Frequently Asked Questions
How to track fat loss progress correctly?
Tracking fat loss often involves combining scale weight with other measures such as body measurements, clothing fit, and body composition tools to get a broader picture of change.
How can one estimate their weight loss/gain?
Changes can be estimated by comparing consistent weigh-ins over time and observing longer-term trends rather than daily fluctuations.
How to measure body fat loss?
Body fat loss can be monitored using methods such as body fat scales, tape measurements, skinfold calipers, or visual progress photos.
Is it better to weigh yourself in the morning or night?
Morning weigh-ins are generally more consistent because they are less affected by food, fluid intake, and daily activity.

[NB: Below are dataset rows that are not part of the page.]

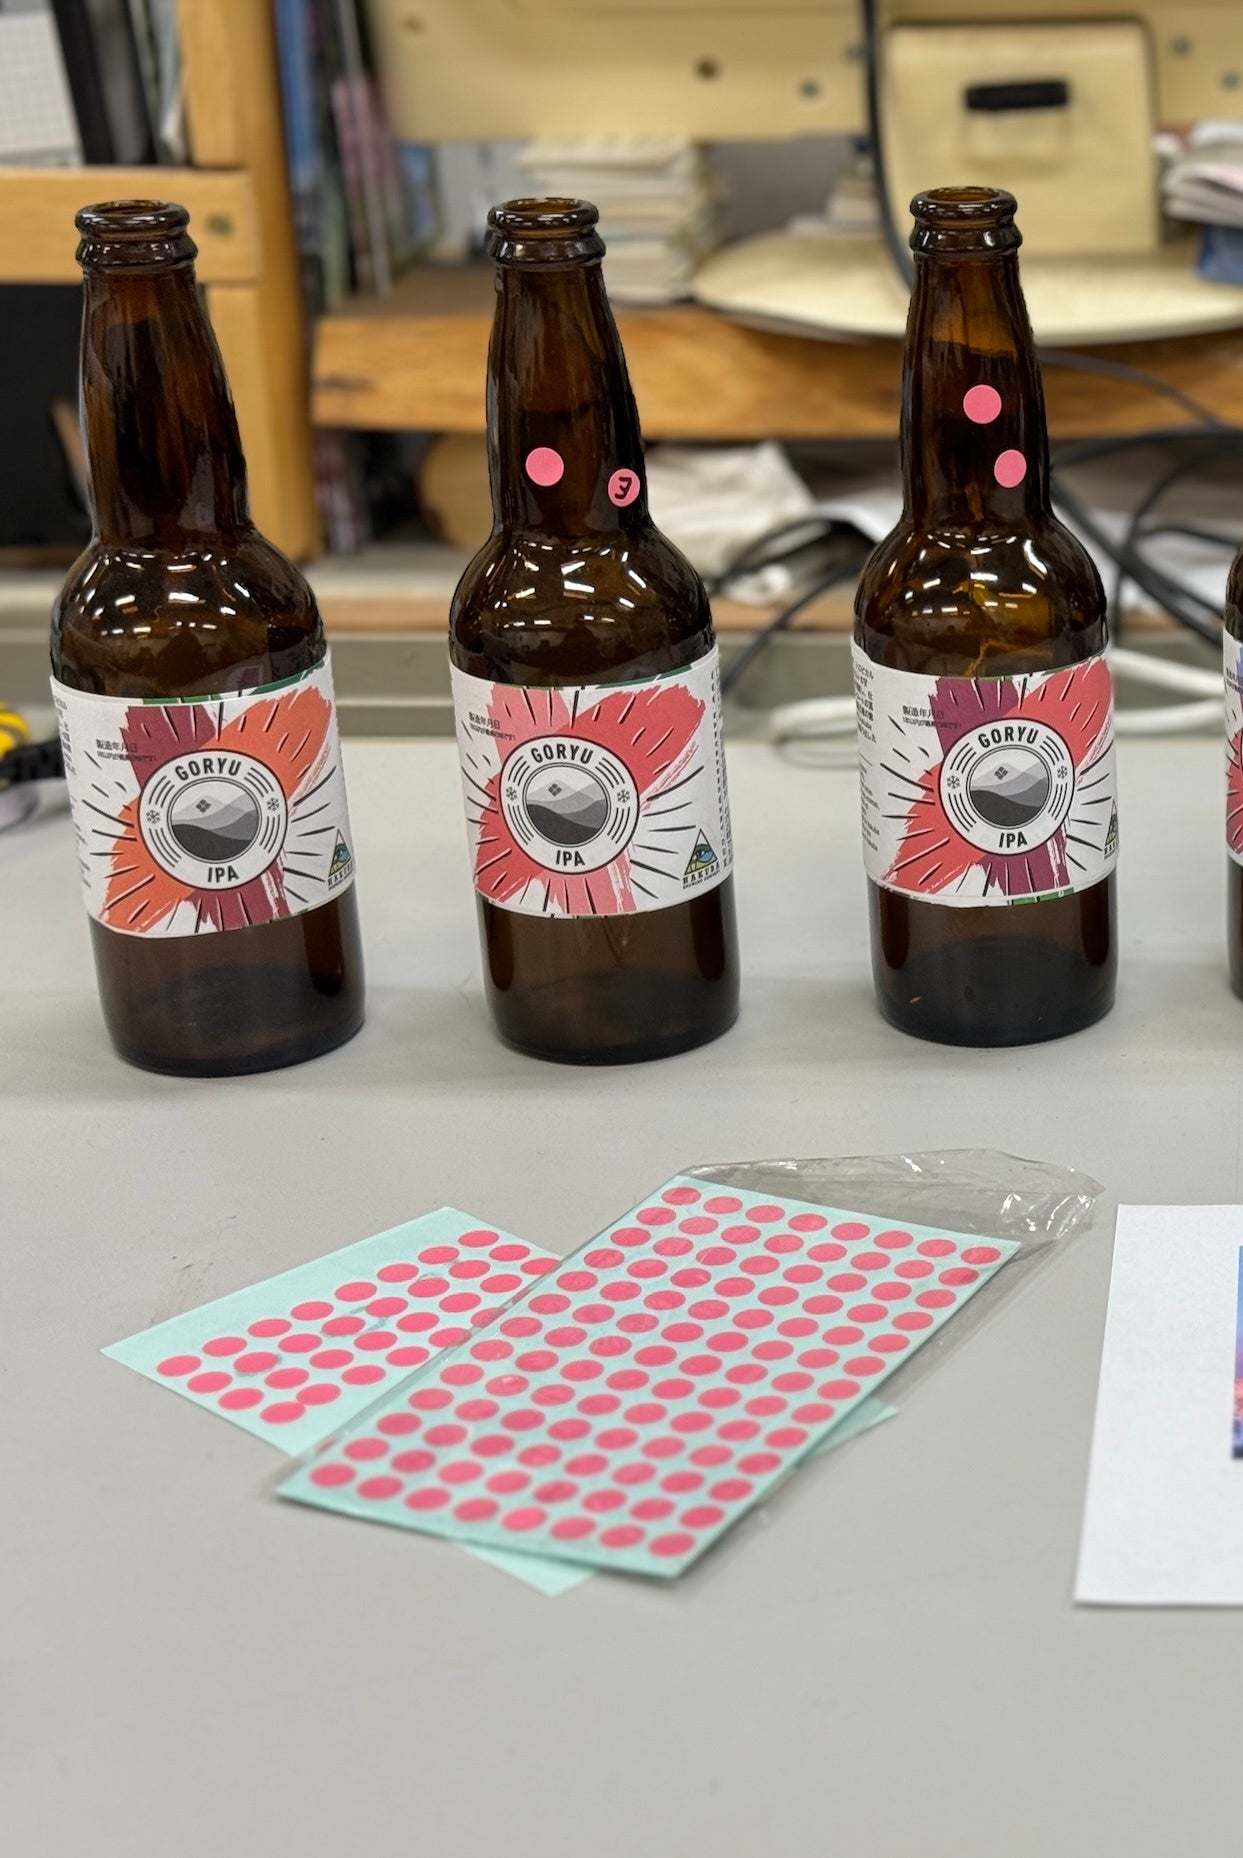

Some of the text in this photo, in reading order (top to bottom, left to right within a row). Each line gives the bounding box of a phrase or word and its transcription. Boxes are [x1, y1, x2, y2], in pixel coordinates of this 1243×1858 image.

[978, 726, 1040, 748] GORYU
[531, 743, 594, 764] GORYU
[175, 759, 243, 781] GORYU
[998, 831, 1028, 849] IPA
[555, 850, 586, 868] IPA
[207, 865, 240, 883] IPA

Should I weigh myself with clothes on?
Weighing in similar clothing each time, or without clothes, can help improve consistency between measurements.

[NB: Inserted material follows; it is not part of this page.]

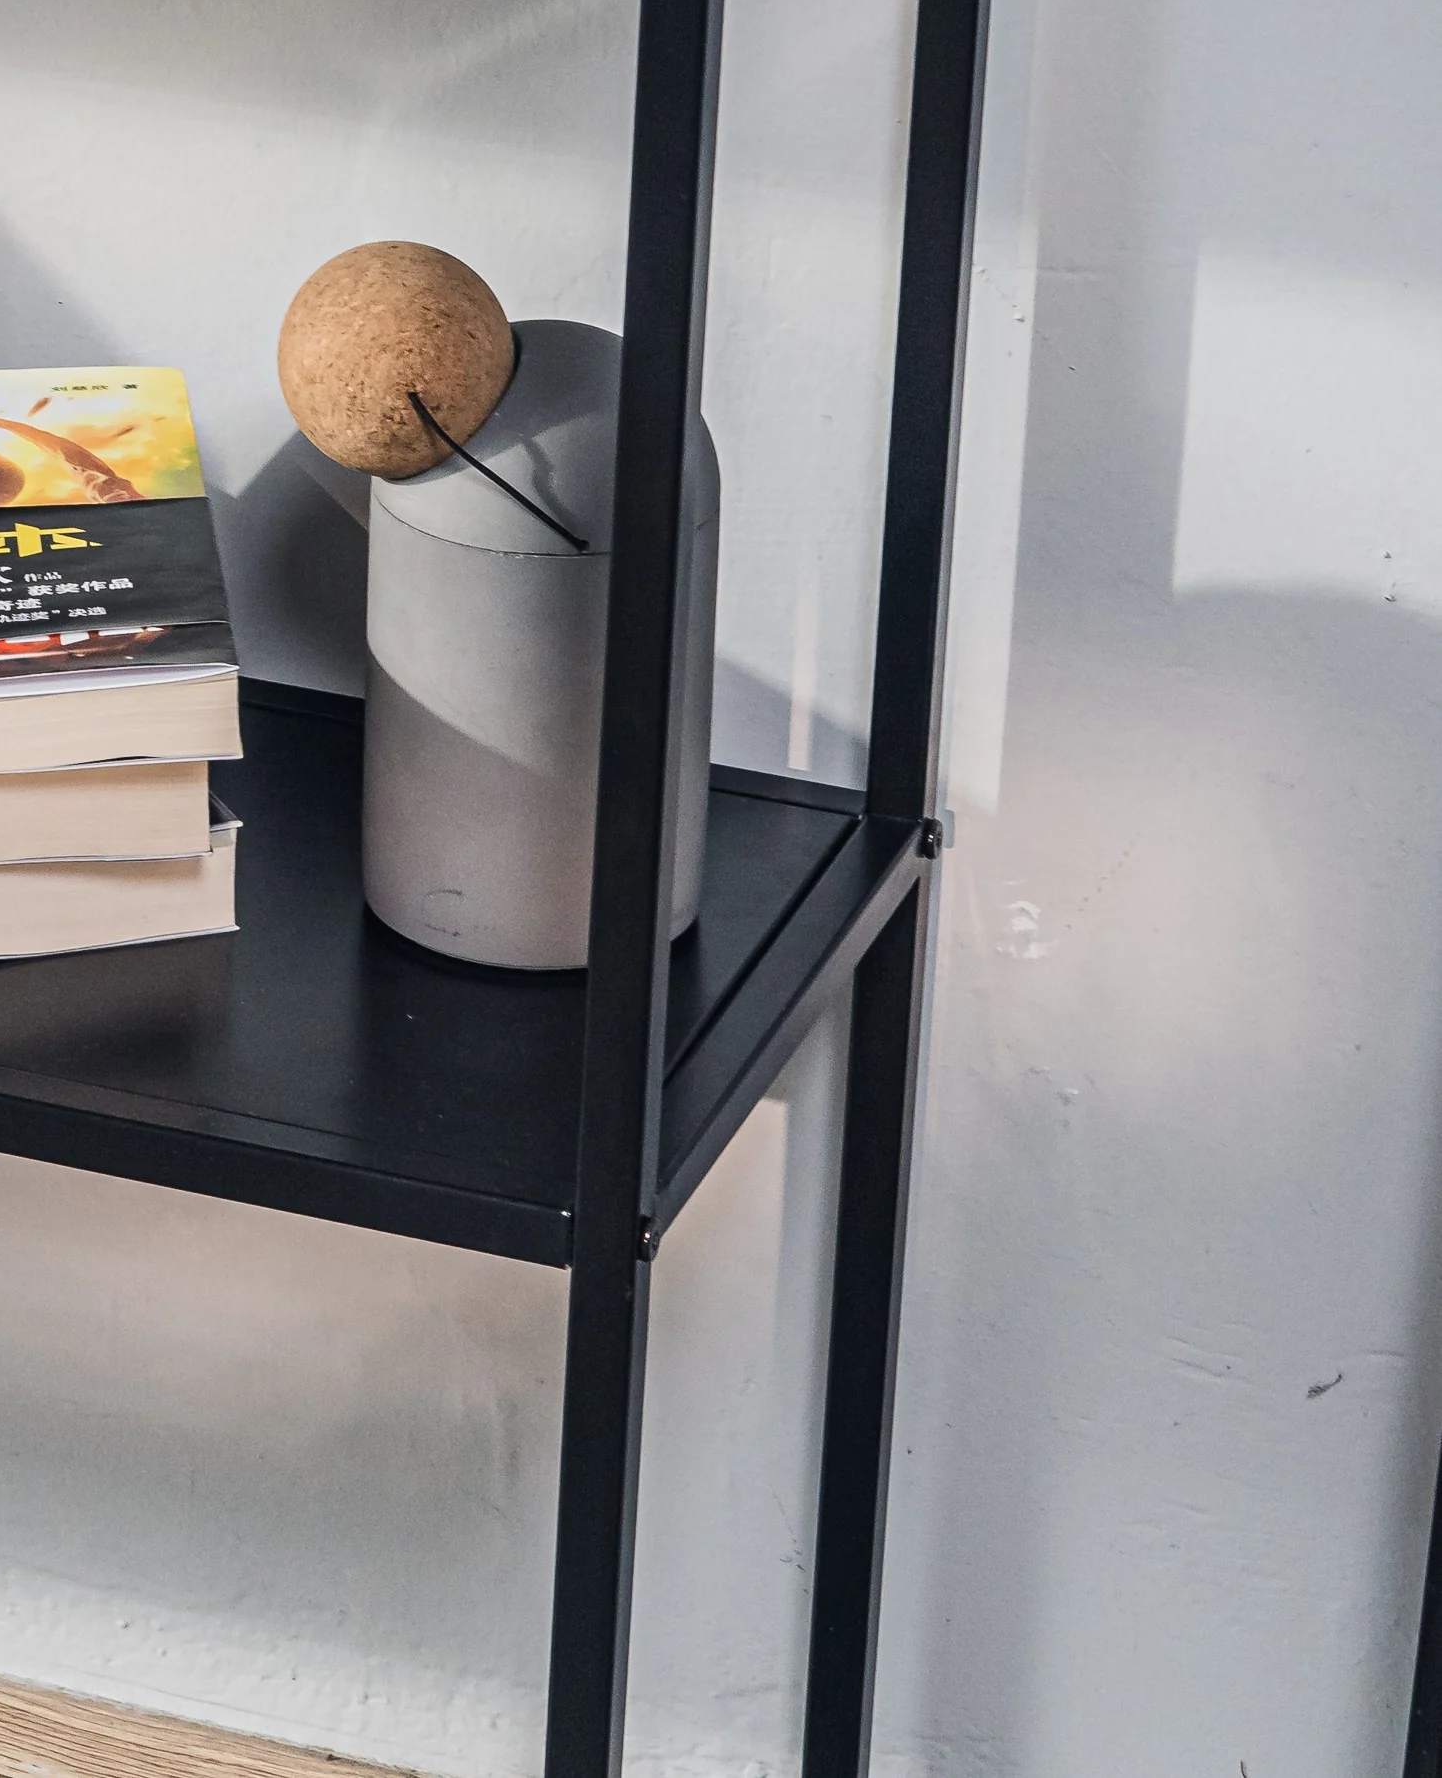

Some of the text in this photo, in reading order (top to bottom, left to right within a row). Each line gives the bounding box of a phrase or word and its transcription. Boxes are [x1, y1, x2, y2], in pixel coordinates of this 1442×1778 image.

[23, 569, 63, 583] 作品
[27, 576, 135, 597] 获奖作品

How does the menstrual cycle affect weight?
Hormonal changes can lead to temporary fluid retention, which may cause short-term weight increases at certain times of the cycle.
How often is too often to weigh yourself?
Weighing too frequently may feel unhelpful for some people if it increases focus on daily changes rather than long-term trends.
Can I track weight without a scale?
Yes, it’s possible to track your weight without the use of a scale. Alternative tracking techniques such as using tape measurements, progress photos, and clothing fit can provide useful insights without using a scale.